There's time to catch up with Facebook friends. Your car can read these out, too.
And you can answer, if you want. Or you
can follow your favourites on Twitter. Naturally you can take phone calls, and make calls through voice recognition dialling. And, if your partner is in the car, or children in the back seats, they could be watching their favourite television programmes or movies, no problem. Voice recognition allows them to change programming instantly. Online videos can be watched via the internet server.
There's another traffic problem: an anonymous car up ahead has spotted it and the car-to-
car communication has relayed the message
to your car. It says you can't avoid this delay
but it'll be faster if you move into the left lane. The information also comes from roadside communication tools automatically monitoring traffic, plus mobile roadwork trailers are all now fitted with transmitters. It is all so much more sophisticated than it was back in 2012 with those old traffic management systems that relied on human — usually police — feedback.
You briefly think you're going to be late
and consider asking the car to send an email to those people attending the meeting. But,
on reflection, this won't be necessary. Your estimated time of arrival, part of the satellite navigation, is nowadays unerringly accurate. You're making good progress, not least because you're having luck with the traffic lights. Except, of course, it isn't luck. Your
car has been told by local authority traffic management data when the lights will be green; your route takes into account traffic light phasing, and makes the most of 'green waves'.
We're nearing the location for the meeting. The car has already identified the best place
to park: there's an NCP right across the road.
It's reserved a spot. And paid for it. The ticket has been sent to your smartphone. You're right on schedule.
The car park is one of those new automated ones. You park in a lift and the car and its surrounding pod are automatically whisked away somewhere into the multistorey structure. (Because of its much greater space efficiency, this new car park is half the size of the old one and yet can accommodate just as many cars).

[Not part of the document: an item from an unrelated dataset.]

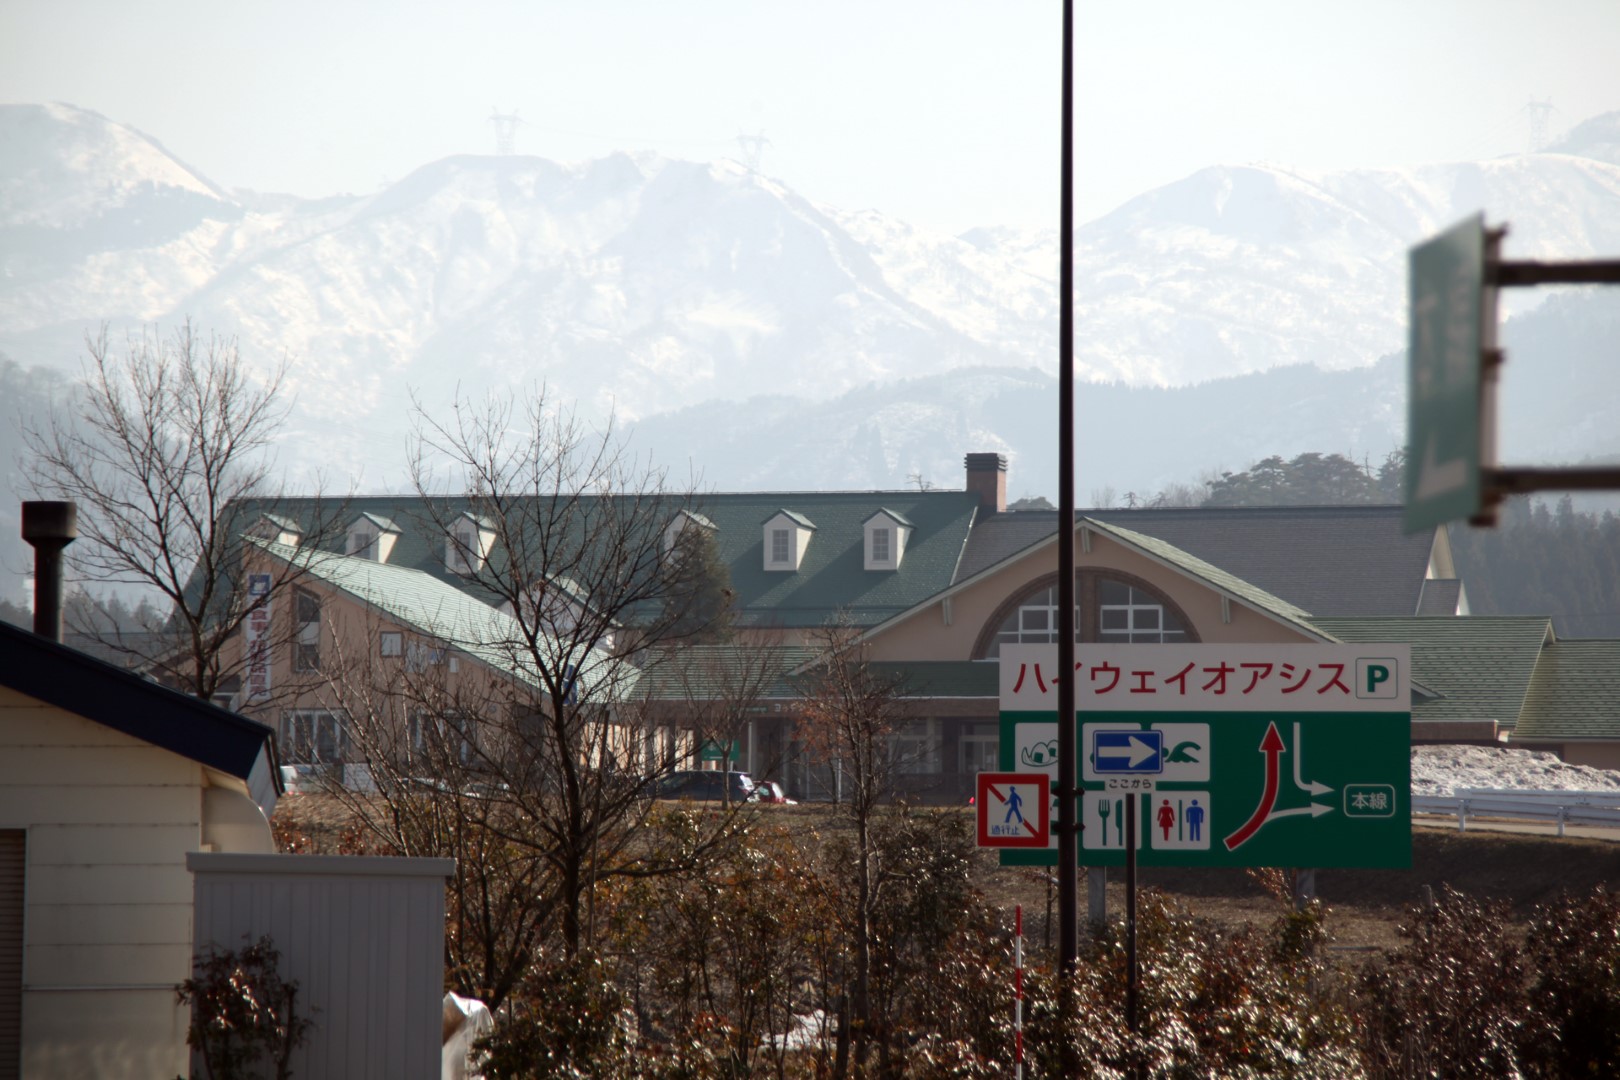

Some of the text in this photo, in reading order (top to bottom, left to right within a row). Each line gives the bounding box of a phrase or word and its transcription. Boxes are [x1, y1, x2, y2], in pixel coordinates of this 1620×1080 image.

[1367, 665, 1389, 692] P
[1109, 779, 1152, 789] ここから
[1351, 791, 1388, 810] 本線

Your pod has an induction charger for your lithium air battery, all part of your petrol-electric plug-in hybrid powertrain. Charging begins immediately. If you'd like to see how much charge your car battery has, your smartphone will tell you: any time, anywhere. Your smartphone will also tell you where you've parked your car, if you've forgotten (useful in some of those big old-fashioned car parks). That's thanks to its vehicle-finder function.
Later, at the end of a long day, it's time to
go home. The classical music chosen is your favourite selection. You don't want to hear
any emails, or news — just relax. The car recommends that you refuel on your way home at an outlet that has lowered its petrol prices for the day. It's a good way to finish a tough day: by saving money.
THE FUTURE IS NEARER THAN YOU THINK
If this all sounds sci-fi wacko futuristic, think again. It's the likely 2020 reality. And much
of this tech is coming well before that. Some
is already available. "I have been in the car business for 25 years and the technology has never moved so fast," says Professor Raymond Freymann, CEO of
BMW Group Research. "It will go on moving faster and faster."